In response to the UK and US moves to ban short selling in September 18 and 19 of 2008, UBS set out a good example of the financial industry's position: "This can be characterized as a populist reaction of no positive value. Anyone who seriously thinks that the cause of this crisis arises from the actions of evil and manipulative speculators lacks the insight and knowledge to be allowed anywhere near the regulation of financial markets. Short selling may well exacerbate problems, but it was not the cause. (UBS Investment research's daily roundup). Source: Investment bankers of the world, unite!, 2008-09-19.

UBS expanded its opinion stating that the banning of short selling is a "policy error" that created problems, referring to the Organisation for Economic Co-operation and Development bans of 2008. Source: Be afraid. Be very afraid, Daily roundup for 2008-10-31.


Despite reassurances given above, it is apparent that the public is increasingly concerned about shorting.
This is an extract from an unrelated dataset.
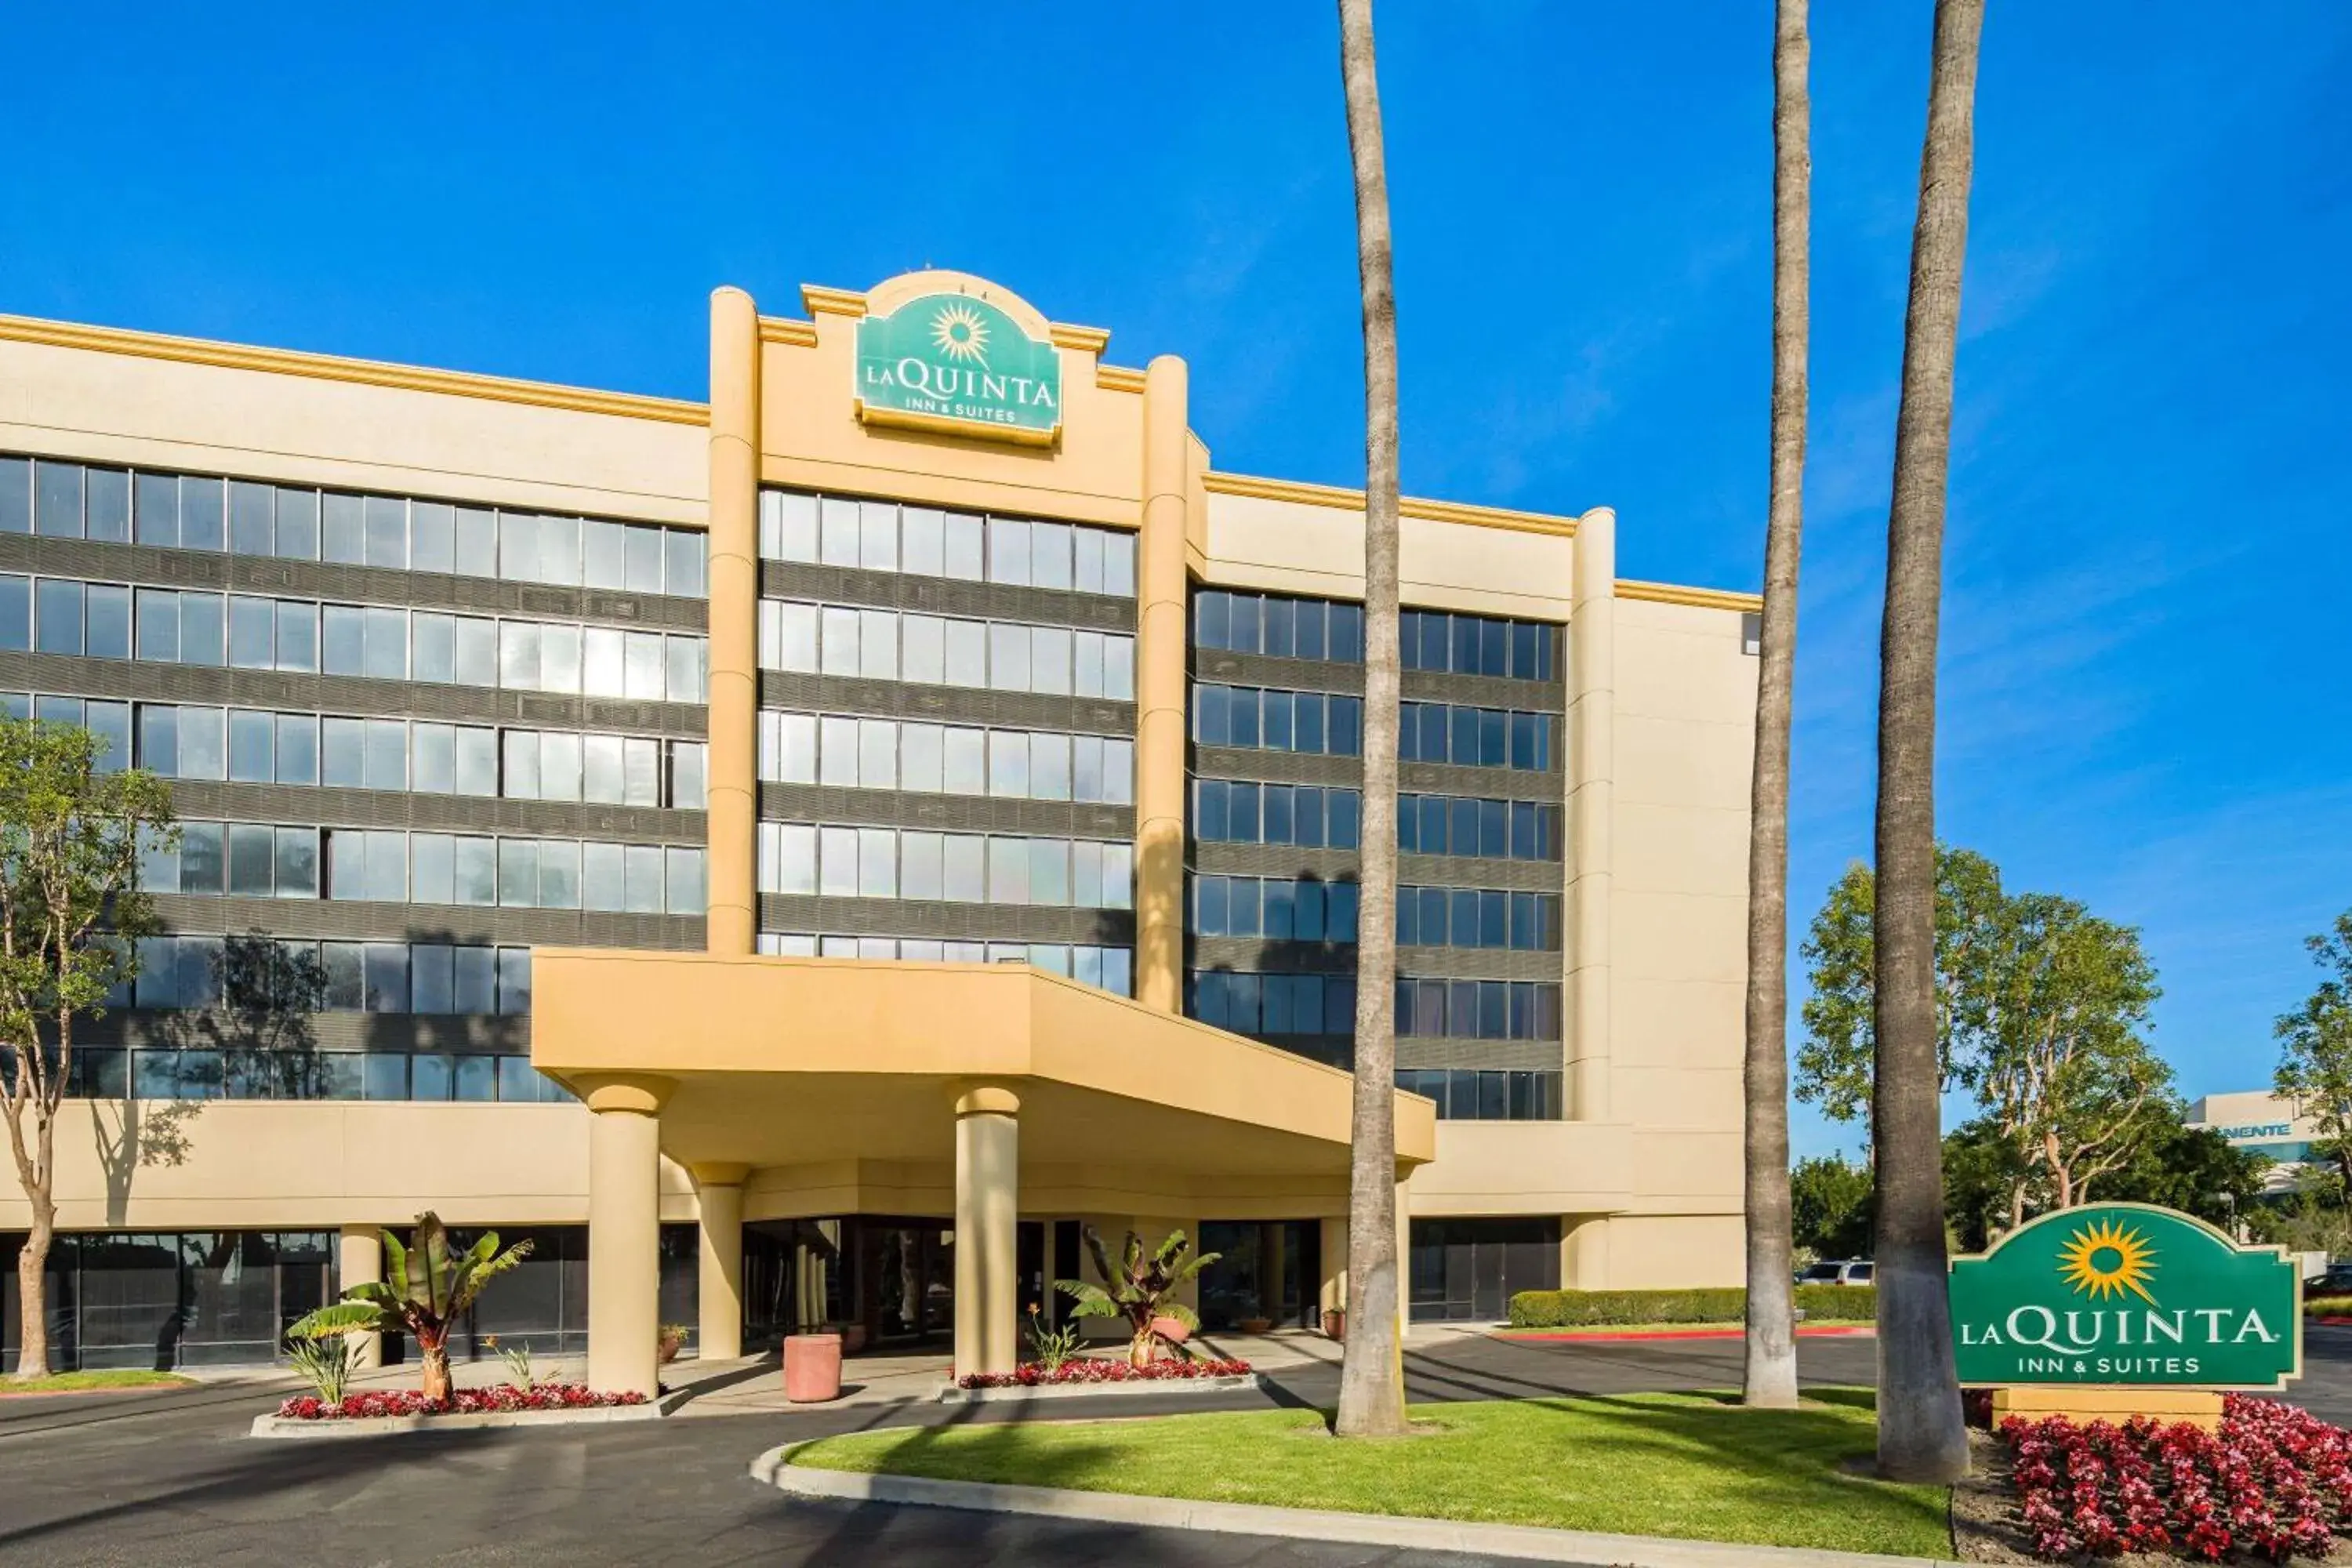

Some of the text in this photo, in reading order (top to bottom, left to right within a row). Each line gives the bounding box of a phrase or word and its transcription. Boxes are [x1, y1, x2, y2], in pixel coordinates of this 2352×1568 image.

[867, 358, 1056, 408] LA QUINTA
[906, 396, 1016, 423] INN & SUITES
[1961, 1305, 2277, 1355] LA QUINTA
[2019, 1358, 2200, 1373] INN & SUITES
Cramer has started a petition calling for the reintroduction of the uptick rule Source: The signed by 5691 (Source people who understand what the uptick rule is (shorters, industry participants).

Other online petitions exist, one calling for outright abolition of shorting and another calling for a modified system to serialize and track shares. These can be found at a site called petitiononline com which has been blacklisted by wikipedia and therefore cannot be referenced properly. Add the following to the url: /shortNOT/petition.html and /mrktrfrm/petition.html respectively. That these petitions have fewer signatures should not be taken as evidence of lesser support given the almost complete lack of understanding among the public about this entire subject.